Anti-Palestinian racist secures anti-Zionism is anti-Semitism resolution

Max Miller speaks

Congressman Max Miller is one of the most anti-Palestinian members of the US House of Representatives.

Tom Williams CQ Roll Call

Republican Congressman Max Miller, who recently made a genocidal call to turn Gaza into a “parking lot,” has joined with Republican Congressman David Kustoff to push through a resolution in the US House of Representatives that “clearly and firmly states that anti-Zionism is anti-Semitism.”

Miller is one of the most racist individuals in the US Congress.

“Rashida Tlaib,” he said in October about the Palestinian flag outside the congresswoman’s office: “I don’t even want to call it the Palestinian flag, because they’re not a state, they’re a territory that’s about to probably get eviscerated and go away here shortly as we’re going to turn that into a parking lot.”

It’s unclear whether Miller is referring not just to the open-air prison of Gaza but the occupied West Bank as well.

This type of language implicates a top US government official in pushing a genocidal outcome for Gaza.
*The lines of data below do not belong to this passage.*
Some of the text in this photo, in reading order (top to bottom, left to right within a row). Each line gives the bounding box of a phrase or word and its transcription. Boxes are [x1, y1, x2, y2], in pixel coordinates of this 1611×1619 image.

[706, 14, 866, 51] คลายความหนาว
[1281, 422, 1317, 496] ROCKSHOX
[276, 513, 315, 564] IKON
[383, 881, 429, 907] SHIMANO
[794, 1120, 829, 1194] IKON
US weaponry has, indeed, been used by Israel, helping it to kill some 7,000 Palestinian children in just two months.

This is the man pushing a politicized definition of anti-Semitism with Republicans and Democrats lining up to get on board in the 311-14 vote with 92 Democrats voting present, meaning they didn’t cast a vote for or against.
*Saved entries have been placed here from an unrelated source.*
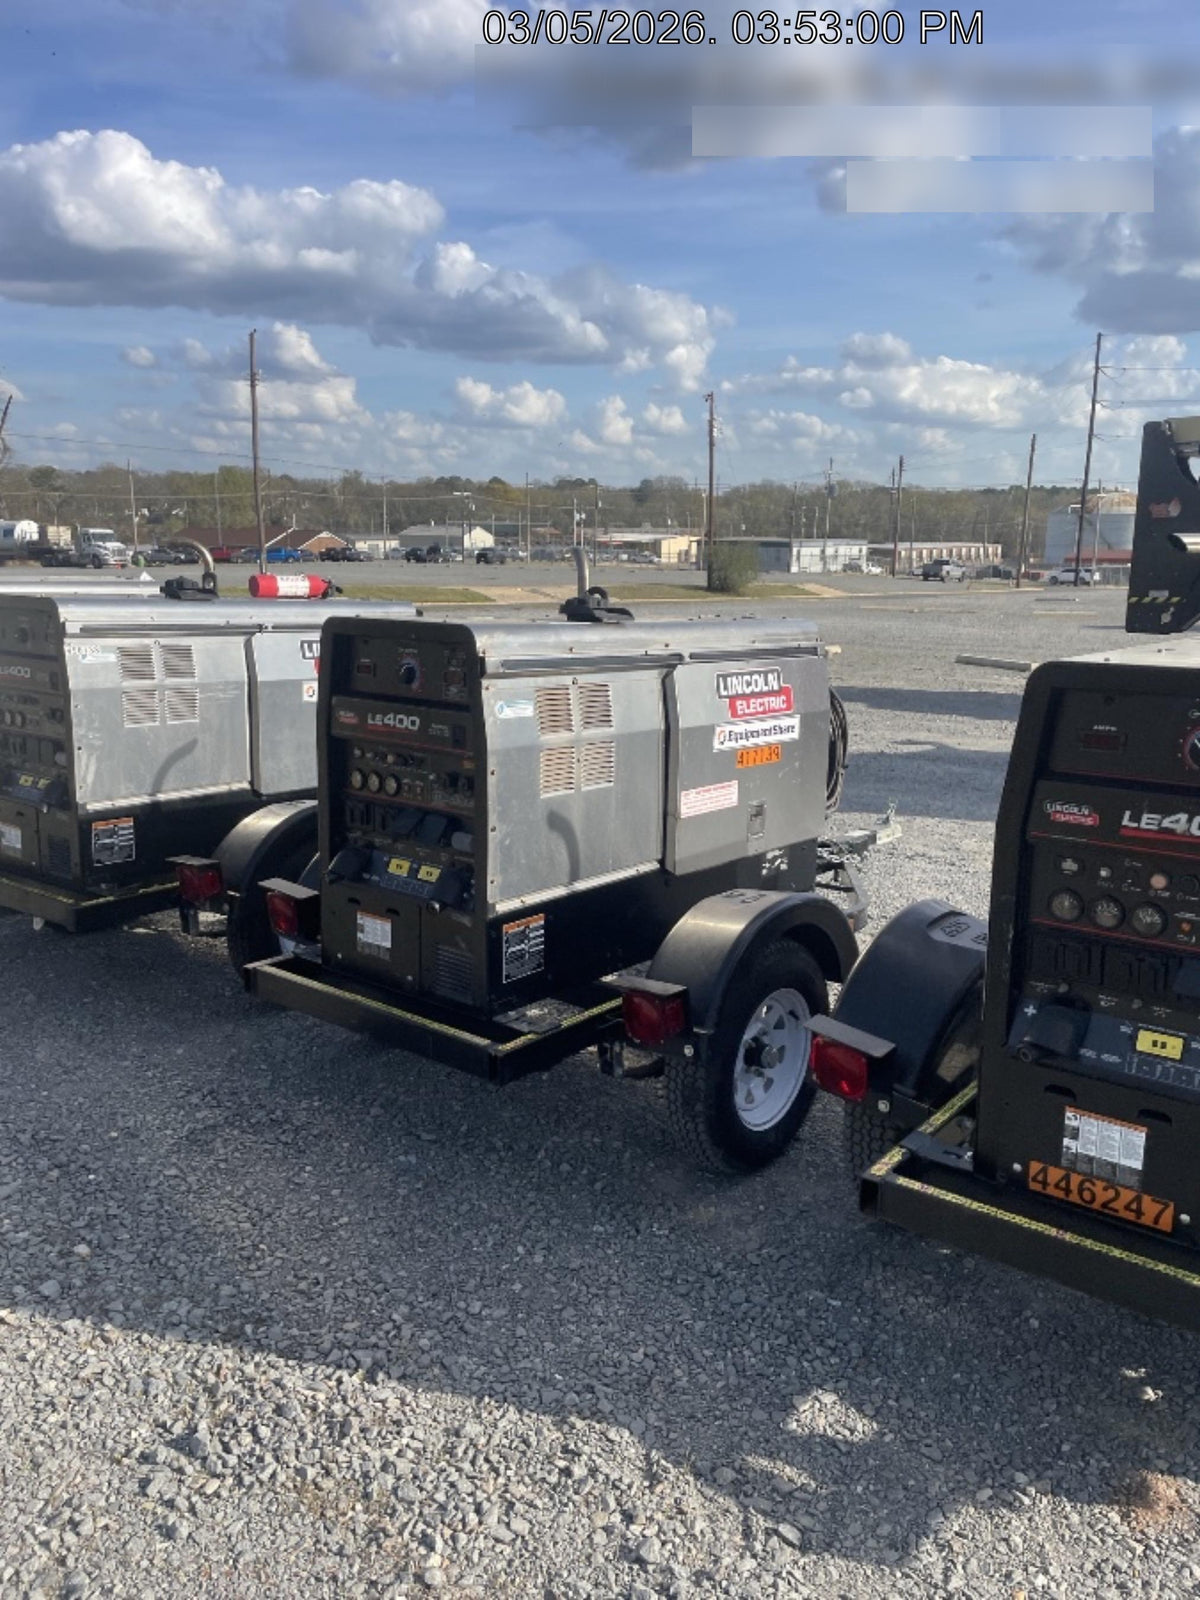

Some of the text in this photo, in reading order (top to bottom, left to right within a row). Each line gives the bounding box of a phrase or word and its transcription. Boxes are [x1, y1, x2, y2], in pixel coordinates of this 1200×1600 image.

[719, 673, 779, 696] LINCOLN
[735, 695, 787, 715] ELECTRIC
[367, 712, 421, 731] LE400
[737, 745, 781, 767] 417139
[1030, 1165, 1172, 1226] 446247
The anti-Zionism language is part of a resolution “strongly condemning and denouncing the drastic rise of anti-Semitism in the United States and around the world.”
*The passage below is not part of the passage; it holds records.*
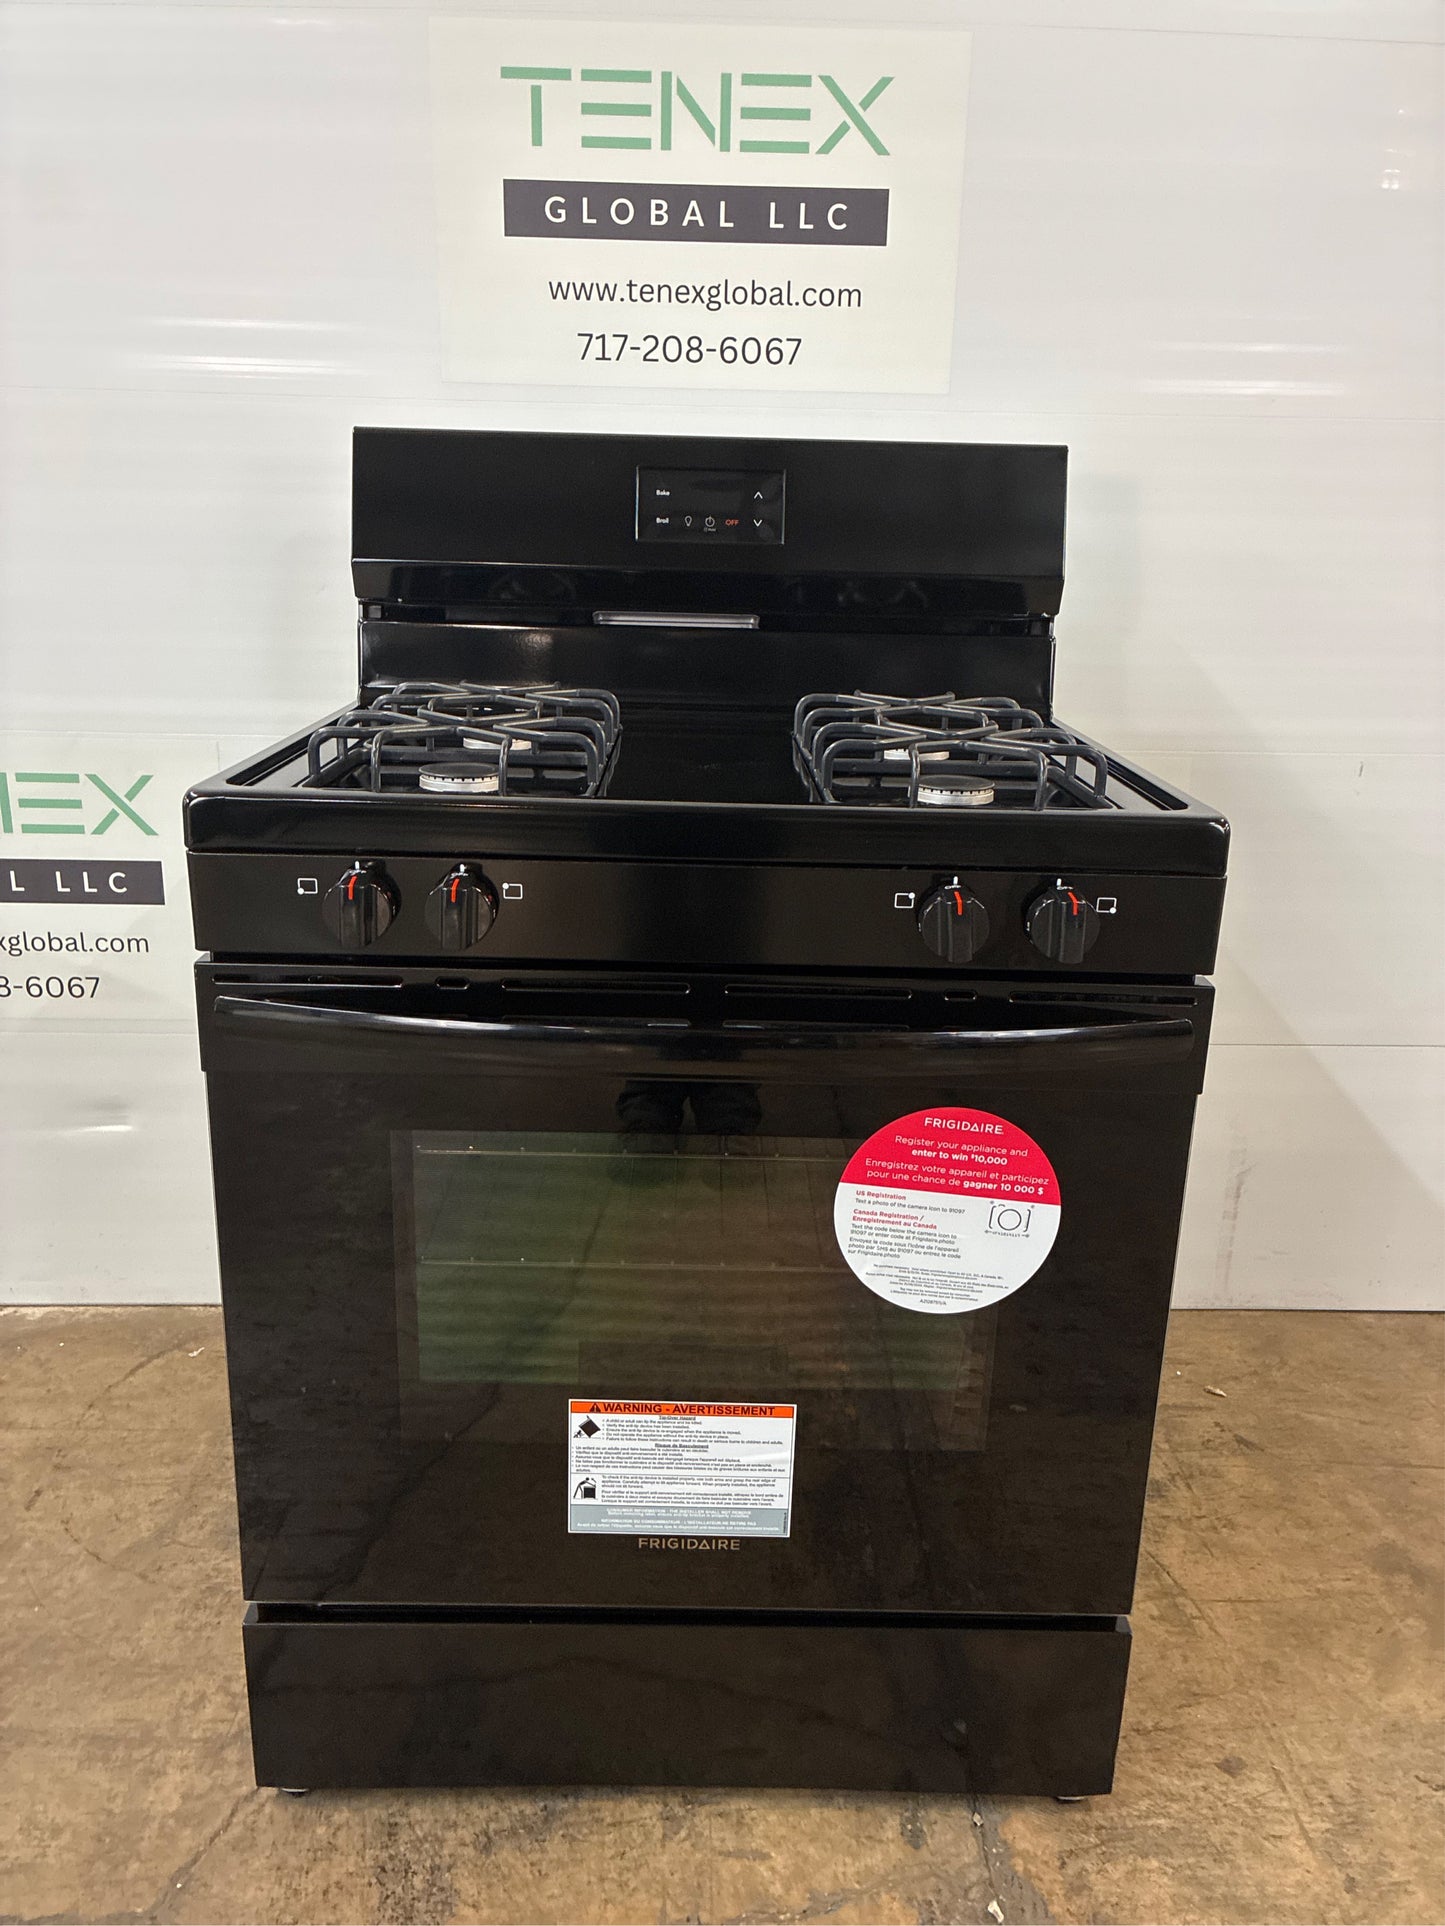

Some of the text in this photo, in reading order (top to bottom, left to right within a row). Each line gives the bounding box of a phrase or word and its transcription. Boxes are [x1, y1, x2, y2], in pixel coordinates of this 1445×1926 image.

[501, 66, 895, 155] TENEX
[544, 196, 849, 231] GLOBAL LLC
[548, 279, 863, 311] www.tenexglobal.com
[577, 332, 803, 366] 717-208-6067
[656, 489, 670, 497] Bake
[55, 870, 128, 893] LLC
[924, 1117, 1004, 1135] FRIGIDAIRE
[895, 1135, 1028, 1156] Register your appliance and
[912, 1149, 937, 1158] enter
[951, 1152, 968, 1161] win
[971, 1154, 1008, 1167] $10,000
[865, 1158, 919, 1172] Enregistrez
[921, 1165, 946, 1174] votre
[948, 1167, 987, 1179] appareil
[1001, 1173, 1050, 1186] participez
[867, 1170, 1044, 1195] pour une chance de gagner 10 000 $
[866, 1191, 906, 1201] Registration
[852, 1216, 902, 1227] Enregistrement
[879, 1211, 919, 1221] Registration
[604, 1403, 662, 1413] WARNING
[672, 1405, 775, 1416] AVERTISSEMENT
[638, 1537, 741, 1551] FRIGIDAIRE
The resolution claims that “the International Holocaust Remembrance Alliance’s working definition of anti-Semitism is widely accepted and serves as a critical tool to help individuals comprehend and identify the various manifestations of anti-Semitism.”

In fact, the IHRA definition, like the determination that “anti-Zionism is anti-Semitism,” polices speech supporting Palestinian freedom and rights.

Palestinians who note that Israel and Zionism have dispossessed them and their families and treated them as second-class citizens can now be told – absurdly – that Congress views these lived-reality statements of fact as anti-Semitic.

Advocating for one state with equal rights for all can be similarly viewed, though Congress didn’t react when Israeli Prime Minister Benjamin Netanyahu in September at the United Nations displayed a map of Israel – a state practicing apartheid – that stretched from the river to the sea.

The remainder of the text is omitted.